そのせいで、この二代目の墓地に柊の遺骨はない。でも、墓はここなのだ。ここに彼は眠っている、ということになっているのだ。
「やっぱり、やられたか」
その場所を前に、紅は歯を噛みしめる。予想はできていた。真面目なことに、凍えそうな冬の時でも、少ないとはいえあったのだから。暖かくなれば増えることなんて、分かりきっていた。
「飽きたりしないんだね」
その墓の名前は、見えない。泥などで汚れているからだ。何か硬い物で殴ったのだろうか。上の角が欠けている。昨日供えた花は、無惨にも踏み荒らされていた。以前お酒を供えた時には飲み干され、翌日には粉々の瓶だけが転がっていたこともある。
生前に多くの恨みを生み出した彼は、死後の安らぎさえ許されなかった。
「またリフォームすることになるのかな」
かけられた土を払い、欠けた角の具合を見ながら、紅は涙を堪え呟く。彼を憎しみ、恨む者たちによって墓は幾度となく汚され、世界分離とは別に二度の建て直しを余儀なくされていた。今日はまだ大丈夫だが、三度目はそう遠くないだろう。
「死んだらもう、良いことも悪いこともできないのにね」
彼はこの世にいない。もう何もできない。誰も殺さないし、傷つけない。だというのに、恨みは終わらない。一体どれだけ、彼は恨まれていたのだろう。
「……悪いことたくさんしてたの、私も分かってる」
例え守る為とはいえ、多くを斬り捨て、多くを殺したのは事実だ。その結果街が救われたのだとしても、遺族や被害者の想いは消えない。決して、消えることはないのだ。
「でも、その想いが消えないのは、末が守った街があるからで……!」
だが、消えないのは誰のおかげだろうか。死者は恨みを抱けない。
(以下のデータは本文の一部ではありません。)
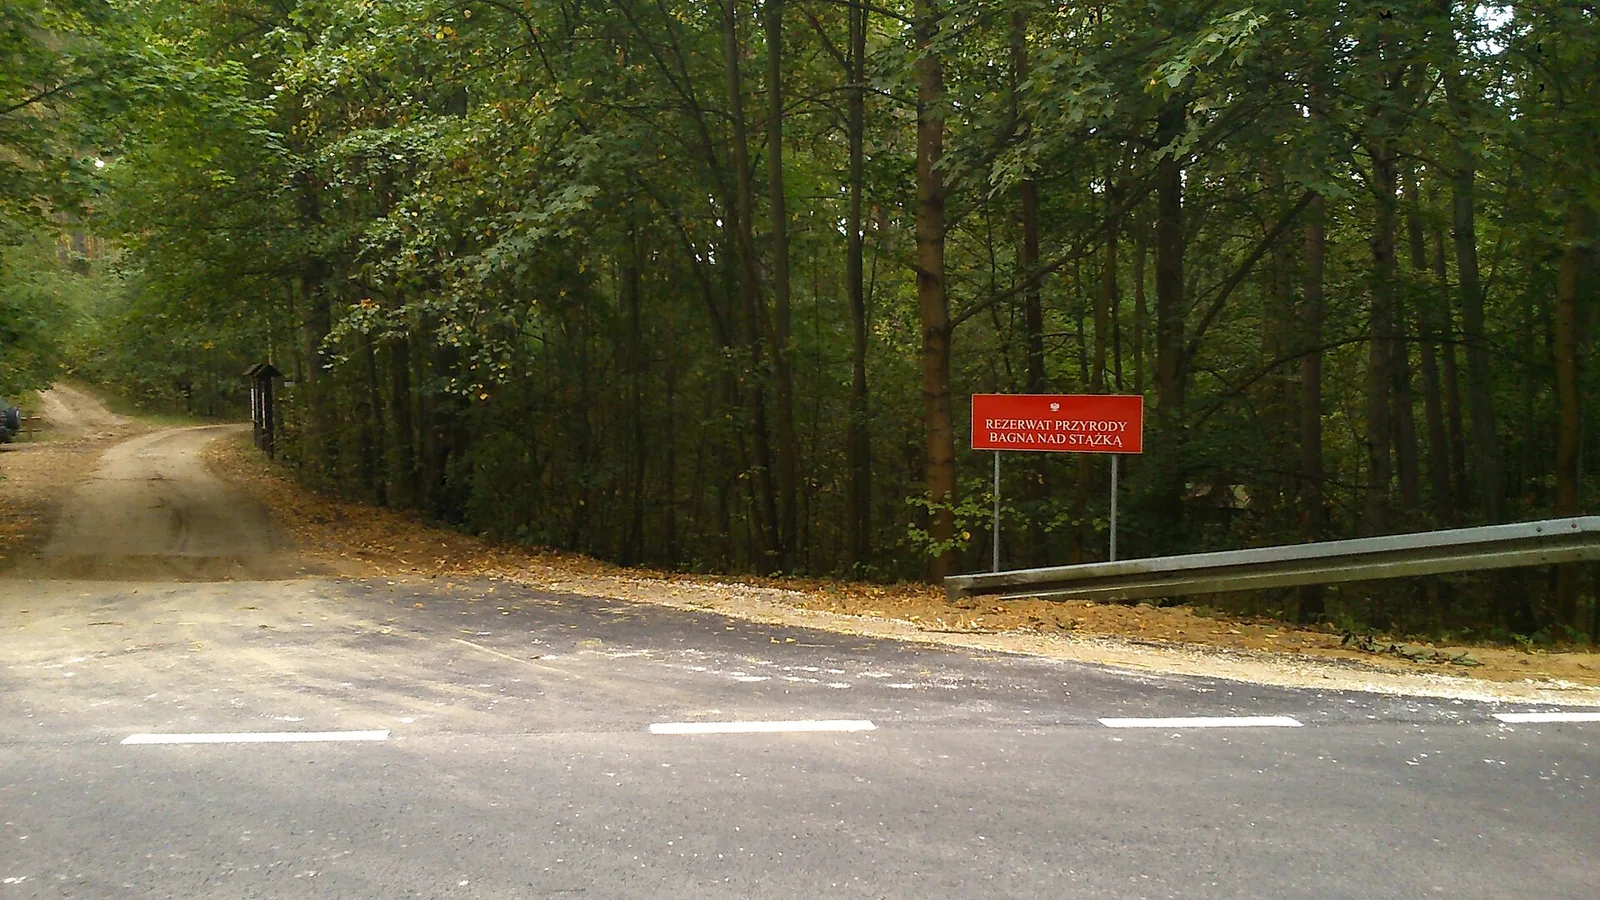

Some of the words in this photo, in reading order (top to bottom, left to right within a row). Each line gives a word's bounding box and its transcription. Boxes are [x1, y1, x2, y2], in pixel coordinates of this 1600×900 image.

[985, 419, 1052, 431] REZERWAT
[1055, 420, 1128, 432] PRZYRODY
[989, 432, 1035, 443] BAGNA
[1037, 433, 1066, 444] NAD
[1069, 432, 1123, 448] STĄŻKĄ
生きているからこそ、人は恨みを抱ける。もしも柊が街を守れなかったら、非道に手を染めなかったのなら、彼に恨みを抱く者達は果たして、生きていたのだろうか。
なんともまぁ、皮肉な世の中だった。守りきったからこそ、彼は恨みを抱かれる。実は助けられていたことなんて、生きていることが当たり前の彼らは知らないし、気づかなくて、柊を恨み続ける。
「ねぇ末はさ、最後に笑ってたけど」
ただの石に、紅は問う。彼の最後は細部までよく覚えている。彼が最後に浮かべた、満足そうな表情も全て記憶している。
「これで良かったの?満足だったの?」
でも、彼はこの死後の結末をどう思っているのか。それは紅には分からないのだ。死んでいるから別にと、いつもの無表情で言うのだろうか。
「分かるよ。分かってる。頭ではずっと、分かってる」
許されないのは分かっている。被害者や遺族から見れば、殺しても殺したりないような人間であることは承知している。
「でも、私は悲しいし、悔しいよ……」
だが、紅の心はどうしても、泣いていた。傷つき、涙を現実に反映し、膝を地面に付けて、手で顔を覆う。
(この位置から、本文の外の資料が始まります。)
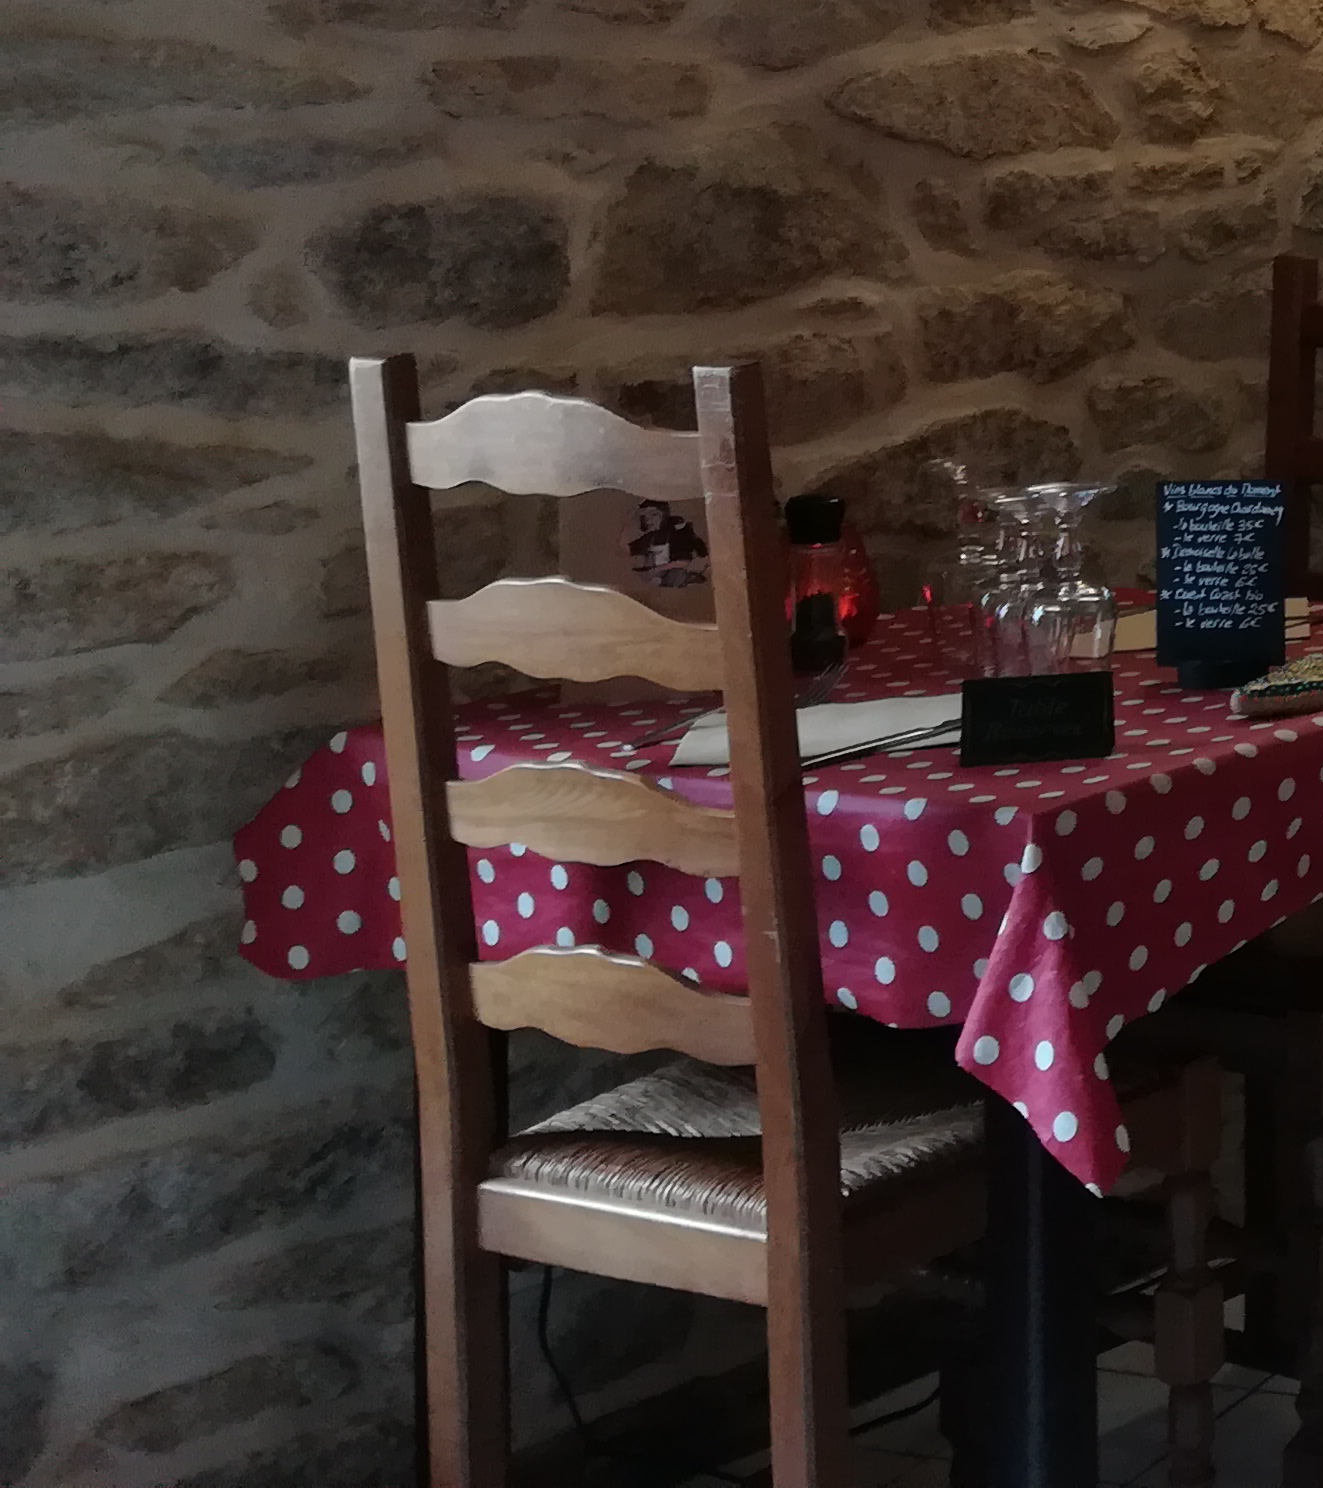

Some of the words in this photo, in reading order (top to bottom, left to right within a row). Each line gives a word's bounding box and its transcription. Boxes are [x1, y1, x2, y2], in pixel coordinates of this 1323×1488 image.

[1164, 483, 1186, 496] Vins
[1189, 484, 1222, 496] blancs
[1175, 500, 1230, 520] Bourgogne
[1189, 518, 1235, 531] bouteille
[1237, 519, 1264, 531] 35€
[1198, 532, 1227, 542] verre
[1233, 532, 1256, 544] 7€
[1198, 576, 1229, 587] verre
[1197, 602, 1247, 616] bouteille
[1249, 602, 1279, 615] 25€
[1200, 618, 1234, 629] verre
冬と春の境目の朝は、まだ少しだけ肌寒い。そんな気温の中、瞳から溢れたその液体は、一際熱さを主張していた。
時間が経って涙も乾き、心も落ち着いたなら、彼女は彼女の戦いを始める。今までに何度も繰り返してきた戦いだ。墓を汚すことが恨みを抱く者の戦いであるならば、墓を清めることが、末を愛する紅の戦いだった。
この墓地の管理者もいるにはいるが、全てに手が回るわけではない。復興の為に人手不足が常の中、遺族が悲しむ以外の害はない墓荒らしの為に、これ以上人手を割くわけにもいかない。だから、自分達でするしかないのだ。
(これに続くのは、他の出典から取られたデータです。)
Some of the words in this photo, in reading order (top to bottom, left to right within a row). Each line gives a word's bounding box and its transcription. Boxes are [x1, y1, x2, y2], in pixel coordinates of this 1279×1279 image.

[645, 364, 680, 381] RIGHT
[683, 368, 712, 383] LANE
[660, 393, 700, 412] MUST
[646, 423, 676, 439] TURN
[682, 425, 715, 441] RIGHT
欠けた部分は手の施しようがないが、泥などの汚れは、根気よく続ければどうにかなる。両手のバケツとその中の水、ブラシと雑巾2枚が、その為の武装だ。水道の復旧なんてまだまだ絵空事で、近くの川から汲んでくるしかない。最初の頃は大変だったが、今はもう慣れてしまった。
まずはバケツの水にブラシを浸し、泥を擦って落としていく。何度も何度も、落ちるまで丁寧に。腕が疲れても、ずっと。
大体綺麗になったなら、次は雑巾だ。冷たい水を1枚目の雑巾に吸わせ、軽く絞る。あかぎれが酷く痛むが、我慢。残り僅かな泥や汚れを、冷たさに軋む掌の雑巾で殴っていく。
最後は、2枚目の乾いた雑巾の出番だ。水の模様を拭き取れば、建てたての頃とまではいかないが、それでも見れるくらいには綺麗になった。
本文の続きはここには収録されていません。